Perhaps one of the more moving aspects of the Bikurim ceremony was that all of the skilled artisans of Jerusalem would get up from their work, line up at the entrance to the city and greet each group of farmer-pilgrims from each town with the following declaration: “Our brothers from the town of so-and-so, welcome! (literally, “come in peace!”).
The Bechor Shor on Deuteronomy 26:2 learns from this how precious the performance of a Mitzva, of a commandment of God, is when done in its time. Skilled artisans are not obligated to stand for Torah scholars, who most people are otherwise directed to stand for. But for the farmer-pilgrims on their arrival in Jerusalem for the Bikurim ceremony, the artisans of Jerusalem are required to take time off from their work to enthusiastically greet the pilgrims.

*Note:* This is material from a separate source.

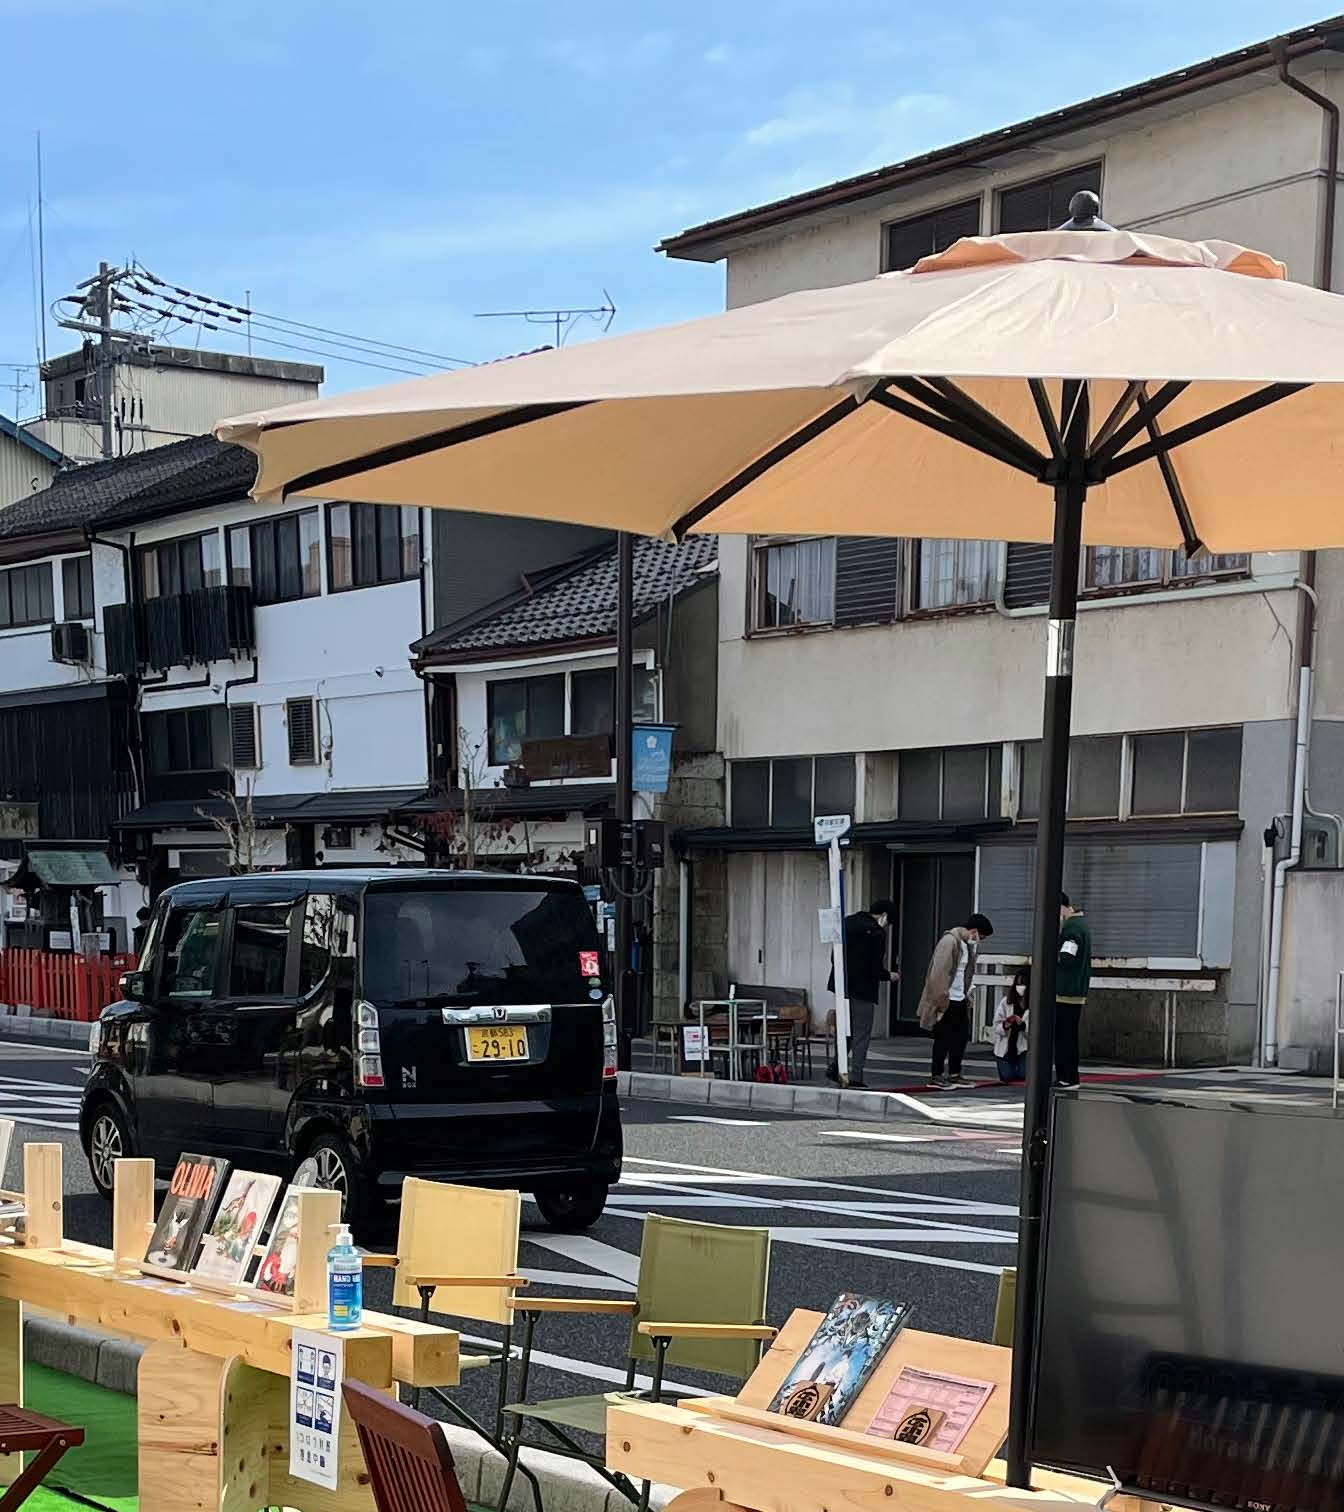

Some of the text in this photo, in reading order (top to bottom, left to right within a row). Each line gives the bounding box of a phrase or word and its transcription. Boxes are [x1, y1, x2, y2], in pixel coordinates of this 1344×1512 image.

The Bechor Shor highlights that the reason the artisans don’t have to stand up for Torah scholars is so they should not lose income from taking time off to honor the scholars. However, if the artisan would not lose any productivity or income by showing the scholar such honor, they certainly should rise. But for the pilgrims fulfilling the annual Mitzva of Bikurim, the artisans need to greet them, even if it’s a distraction from their work and can entail a loss of income. That’s how important it is to show them honor.
Judaism holds a central place for the respect and honor due to Torah scholars. They are considered a living embodiment of the Torah; a walking Torah, if you will. Respect, deference and honor must be shown to them. The Bechor Shor states that a simple Jew performing a Mitzva is on an even higher level, meriting an even greater level of honor than a Torah scholar.
May we respect the humble and the noble alike.
Dedication: To the complete and speedy recovery of my father, Shlomo Eliezer ben Yetta.